El Ministerio Público de Honduras confirmó este domingo la entrega de Mario Roberto Flores Mejía a las autoridades de Estados Unidos, como parte del proceso derivado de una solicitud judicial presentada por el estado de Pensilvania. La diligencia estuvo a cargo de la Agencia Técnica de Investigación Criminal (ATIC), que coordinó el traslado y la entrega del ciudadano hondureño al FBI.
Flores Mejía es requerido por delitos que incluyen asesinato, secuestro y agresión en un caso por el que permaneció prófugo durante más de 25 años. Según el Ministerio Público, también utilizaba distintas identidades, entre ellas “Alexis Flores”, “Alex Contreras” y “Carlos”.
Su caso cobró notoriedad en Estados Unidos porque, en 2007, el FBI lo incorporó a su lista de los 10 criminales más buscados. En ese momento, la agencia ofreció una recompensa de USD 250 mil por información que permitiera localizarlo y llevarlo ante la justicia.
Las acusaciones contra Flores Mejía están relacionadas con la desaparición y el posterior asesinato de una niña de cinco años, ocurrido en julio de 2000. Según los antecedentes citados por las autoridades, el crimen ocurrió el 29 de julio de ese año.
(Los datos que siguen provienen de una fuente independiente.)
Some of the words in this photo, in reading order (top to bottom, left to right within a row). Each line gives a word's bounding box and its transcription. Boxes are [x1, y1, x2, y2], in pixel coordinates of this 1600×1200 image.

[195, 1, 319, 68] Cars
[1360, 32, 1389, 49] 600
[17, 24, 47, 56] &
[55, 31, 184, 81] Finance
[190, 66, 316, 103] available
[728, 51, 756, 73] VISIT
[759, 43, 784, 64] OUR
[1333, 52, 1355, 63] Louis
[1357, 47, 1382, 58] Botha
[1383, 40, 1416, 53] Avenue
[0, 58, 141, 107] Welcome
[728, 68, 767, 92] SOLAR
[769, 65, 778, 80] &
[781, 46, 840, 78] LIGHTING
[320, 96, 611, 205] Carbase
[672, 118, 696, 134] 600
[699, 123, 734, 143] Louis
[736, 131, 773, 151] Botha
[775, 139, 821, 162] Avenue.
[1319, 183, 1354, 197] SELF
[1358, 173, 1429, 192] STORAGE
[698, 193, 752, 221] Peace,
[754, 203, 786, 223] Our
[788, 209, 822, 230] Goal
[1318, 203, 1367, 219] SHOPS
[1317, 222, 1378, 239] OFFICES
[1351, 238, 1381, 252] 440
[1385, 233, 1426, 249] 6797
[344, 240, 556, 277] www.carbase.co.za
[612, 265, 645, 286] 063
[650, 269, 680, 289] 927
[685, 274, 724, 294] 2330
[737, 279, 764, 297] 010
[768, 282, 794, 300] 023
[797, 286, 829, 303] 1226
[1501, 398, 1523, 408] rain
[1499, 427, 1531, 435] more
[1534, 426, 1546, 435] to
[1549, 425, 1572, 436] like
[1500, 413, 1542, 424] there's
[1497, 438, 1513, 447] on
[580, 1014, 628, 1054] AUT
Cinco días después, el 3 de agosto, el cuerpo de la menor fue localizado envuelto en bolsas.
Por qué era buscado por el FBI
Los reportes policiales elaborados en ese momento indicaron además que la víctima presentaba signos de abuso sexual, lo que convirtió el caso en una investigación prioritaria para las autoridades estadounidenses.
La investigación se mantuvo abierta mientras las autoridades de Estados Unidos intentaban determinar el paradero del sospechoso, que habría permanecido fuera del alcance de la justicia durante más de dos décadas.
El Ministerio Público informó que el requerido fue localizado en una montaña del municipio de Lepaera, en Lempira, donde permanecía escondido. La captura se produjo el 11 de febrero de 2026, como resultado de labores de inteligencia desarrolladas por unidades especializadas de la ATIC.
En las acciones participaron investigadores del Equipo Fiscal Contra el Microtráfico de Drogas y del Centro Antipandillas Transnacional, ambos vinculados con la estructura de investigación criminal de la agencia hondureña.

La localización del sospechoso permitió activar el procedimiento correspondiente para atender la solicitud de las autoridades de Estados Unidos y avanzar con el proceso de extradición.
Un expediente abierto durante décadas
La muerte de la menor ocurrió en 2000 y, pese a los esfuerzos de las autoridades estadounidenses, el acusado permaneció prófugo durante años. Su inclusión en la lista de los más buscados del FBI en 2007 volvió a poner el caso en el foco de la opinión pública.
La recompensa ofrecida por el FBI buscaba obtener información que permitiera establecer su ubicación. Sin embargo, el sospechoso consiguió mantenerse fuera del alcance de las autoridades hasta su localización en territorio hondureño.
Su captura en Lempira marcó un punto decisivo en una investigación que se había prolongado durante aproximadamente un cuarto de siglo. El Ministerio Público destacó que la captura y la posterior entrega forman parte de una operación de cooperación entre instituciones hondureñas y agencias de investigación de Estados Unidos.
Según el ente fiscal, el trabajo conjunto fue determinante para establecer la ubicación del requerido y ejecutar la captura. La coordinación también permitió avanzar en el procedimiento de extradición solicitado por las autoridades estadounidenses, porque Flores Mejía es requerido por un tribunal de Filadelfia, Pensilvania.

Qué ocurrirá ahora con Flores Mejía
Con su entrega al FBI, Flores Mejía queda a disposición de las autoridades estadounidenses para continuar el proceso judicial correspondiente en ese país.
La extradición permitirá que el requerido sea presentado ante la justicia de Pensilvania y responda por los cargos que se le atribuyen en relación con el secuestro y asesinato de la menor.
La entrega no representa, por sí misma, una declaración de culpabilidad. Las acusaciones deberán ser examinadas dentro del proceso judicial estadounidense, donde corresponderá a la fiscalía presentar las pruebas y al acusado ejercer su derecho de defensa.